WHAT YOU HAVE TO DO =>
Give back every entry exactly; drop the pictures.

DATA SECTION =>
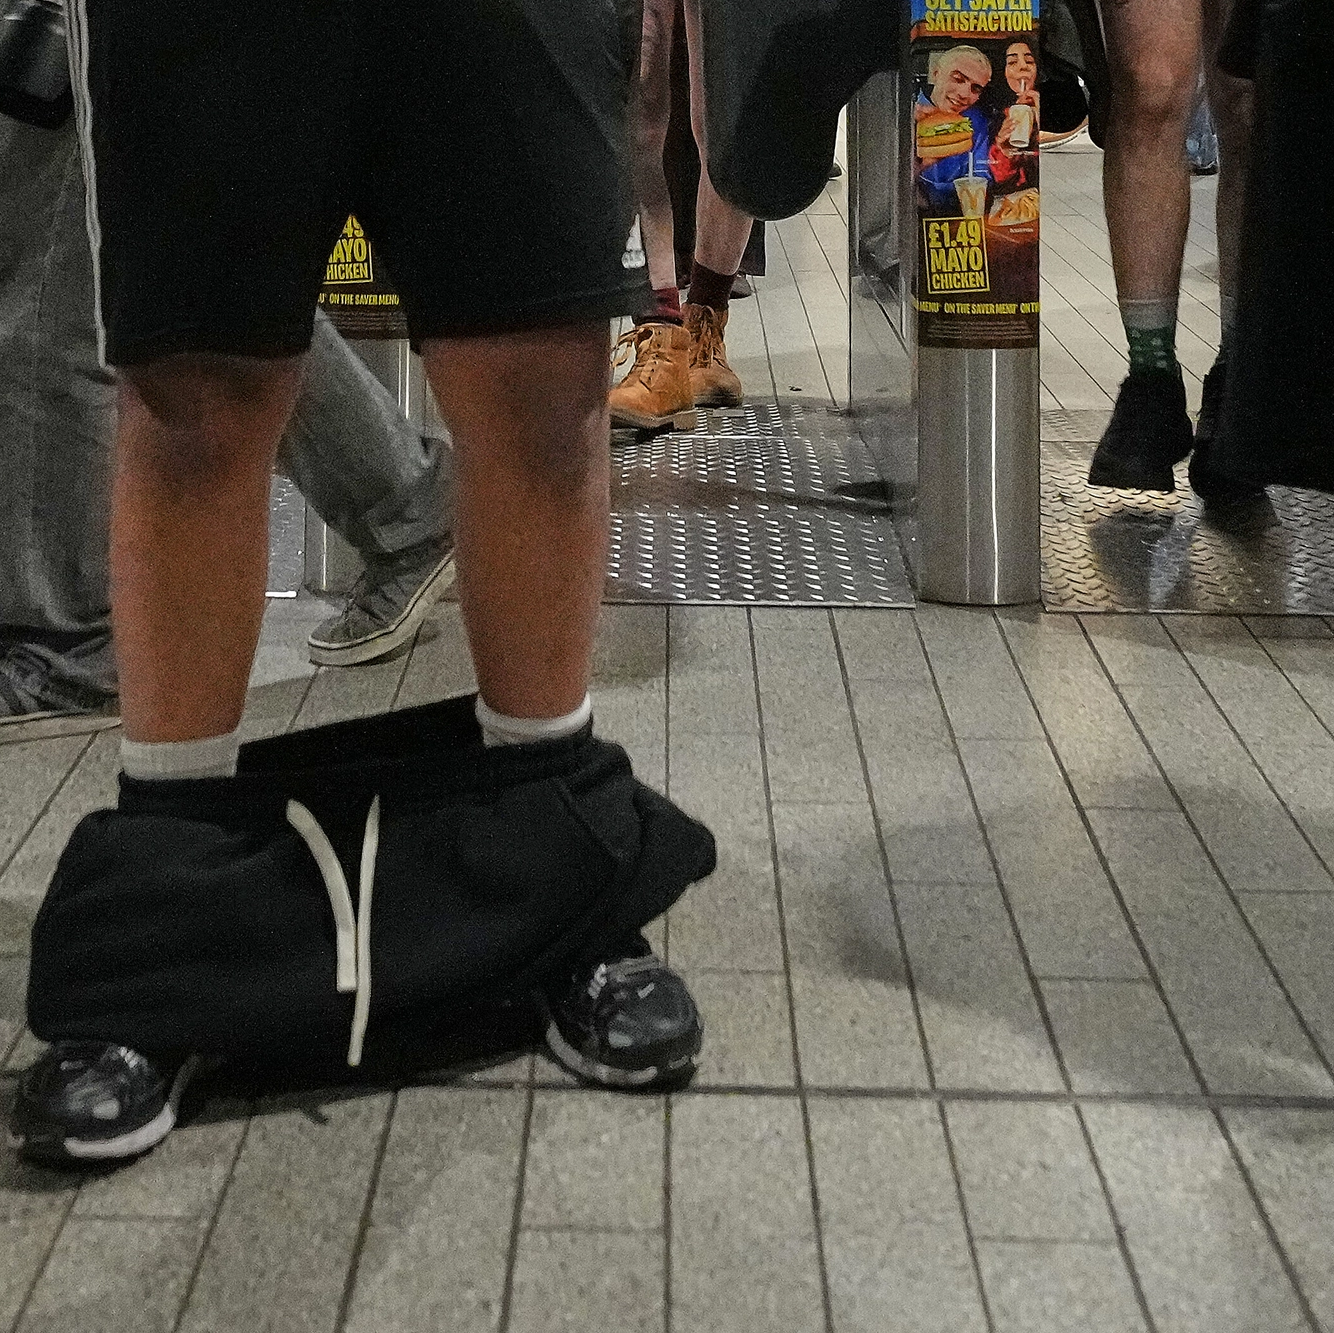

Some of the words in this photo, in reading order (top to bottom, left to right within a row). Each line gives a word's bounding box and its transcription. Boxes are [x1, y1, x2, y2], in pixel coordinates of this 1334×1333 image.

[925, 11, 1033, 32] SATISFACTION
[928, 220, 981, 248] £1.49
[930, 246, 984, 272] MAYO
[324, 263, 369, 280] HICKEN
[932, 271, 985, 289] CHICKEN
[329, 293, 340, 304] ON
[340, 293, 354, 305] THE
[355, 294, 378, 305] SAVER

TASK OUTPUT =>
Some of the words in this photo, in reading order (top to bottom, left to right within a row). Each line gives a word's bounding box and its transcription. Boxes are [x1, y1, x2, y2], in pixel coordinates of this 1334×1333 image.

[925, 11, 1033, 32] SATISFACTION
[928, 220, 981, 248] £1.49
[930, 246, 984, 272] MAYO
[324, 263, 369, 280] HICKEN
[932, 271, 985, 289] CHICKEN
[329, 293, 340, 304] ON
[340, 293, 354, 305] THE
[355, 294, 378, 305] SAVER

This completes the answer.